Aim of the task
Write out the listing below exactly, and omit any images you find in it.

(Extracted records)

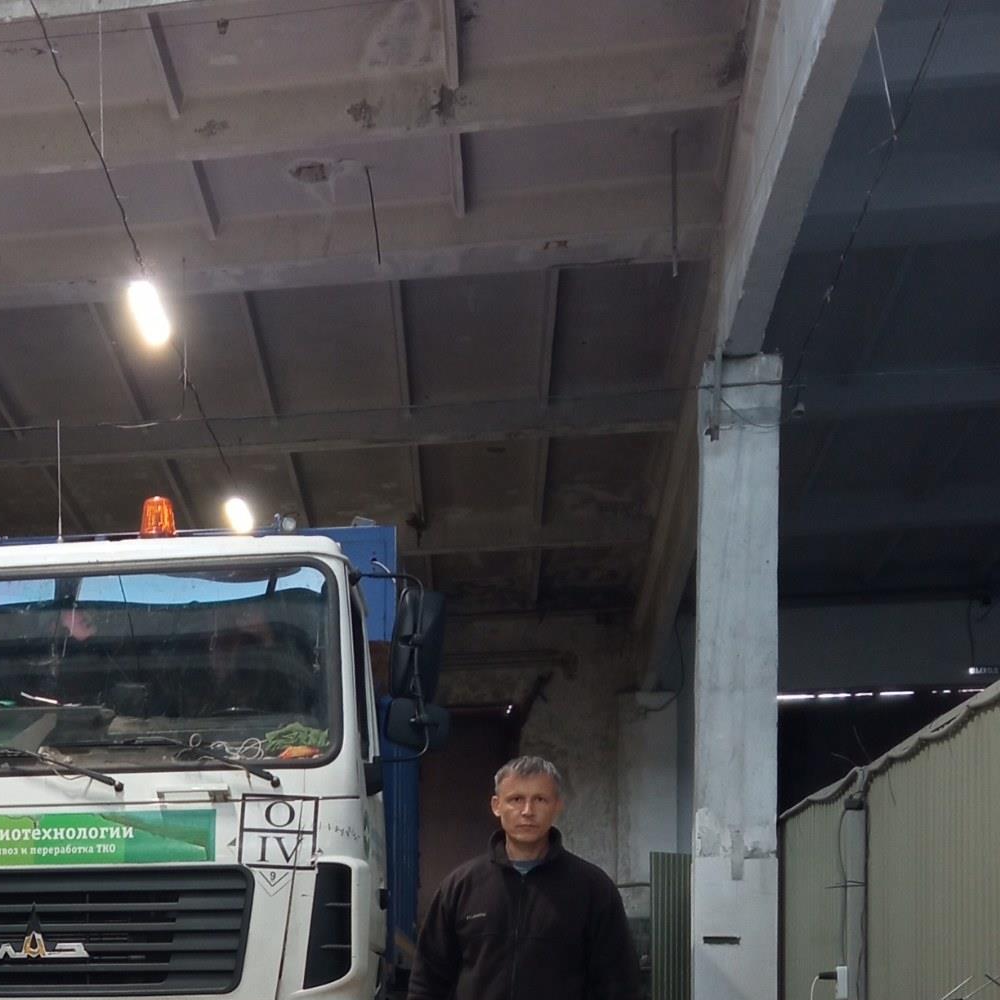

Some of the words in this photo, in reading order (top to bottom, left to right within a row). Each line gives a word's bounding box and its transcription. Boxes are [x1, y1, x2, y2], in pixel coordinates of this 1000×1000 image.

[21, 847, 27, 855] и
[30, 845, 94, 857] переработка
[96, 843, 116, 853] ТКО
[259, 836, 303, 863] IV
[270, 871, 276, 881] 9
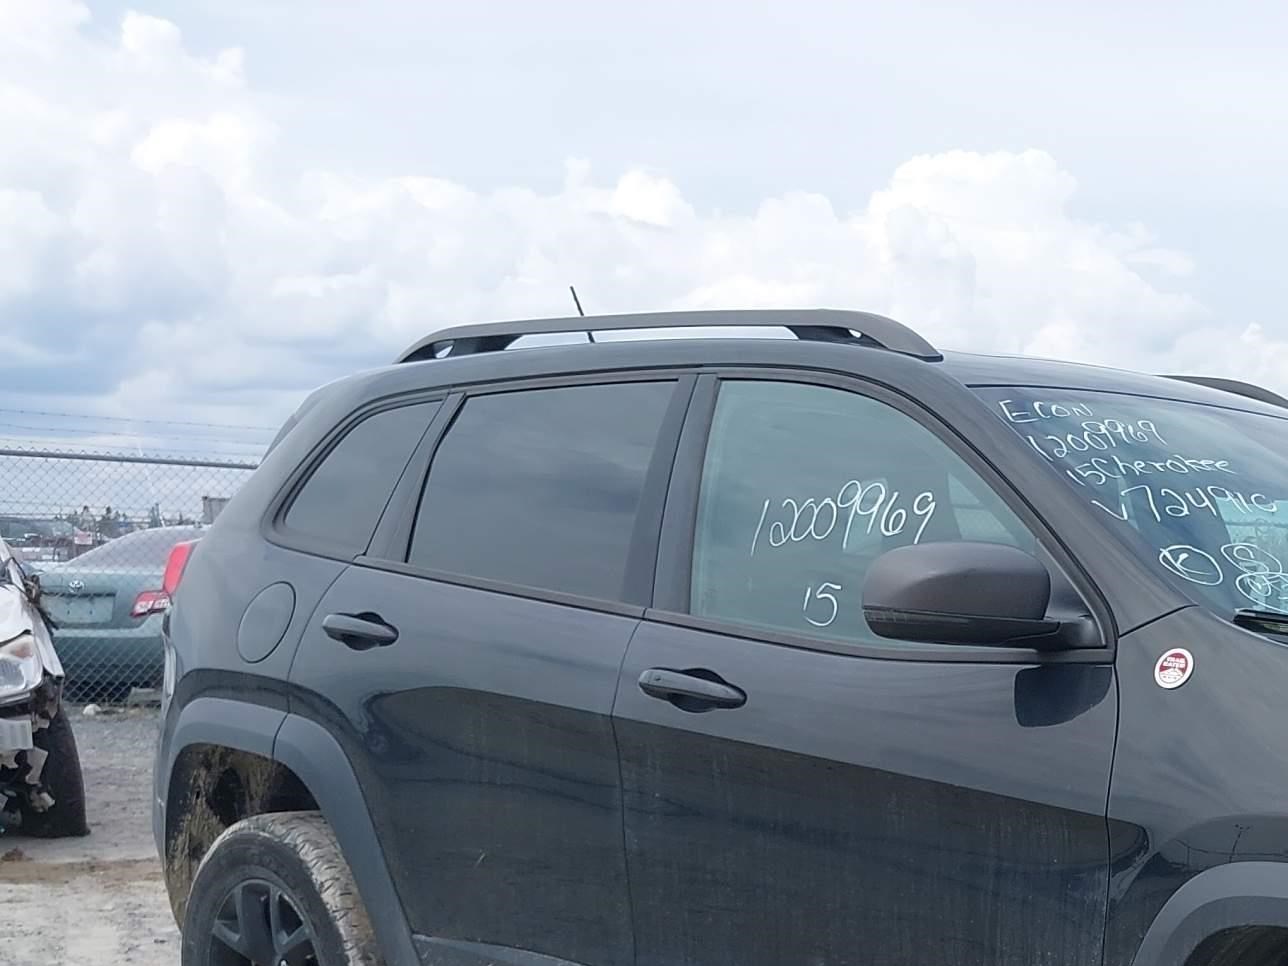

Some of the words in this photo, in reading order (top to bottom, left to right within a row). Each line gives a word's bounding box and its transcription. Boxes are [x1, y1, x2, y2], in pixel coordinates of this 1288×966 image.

(End Extracted records)

Task answer
Some of the words in this photo, in reading order (top to bottom, left to right within a row). Each line gives a word's bounding box and its transcription. Boxes are [x1, y1, x2, y2], in pixel coordinates of this 1000×1000 image.

[21, 847, 27, 855] и
[30, 845, 94, 857] переработка
[96, 843, 116, 853] ТКО
[259, 836, 303, 863] IV
[270, 871, 276, 881] 9

Some of the words in this photo, in reading order (top to bottom, left to right within a row). Each line gives a word's bounding box and its transcription. Boxes are [x1, y1, x2, y2], in pixel coordinates of this 1288×966 image.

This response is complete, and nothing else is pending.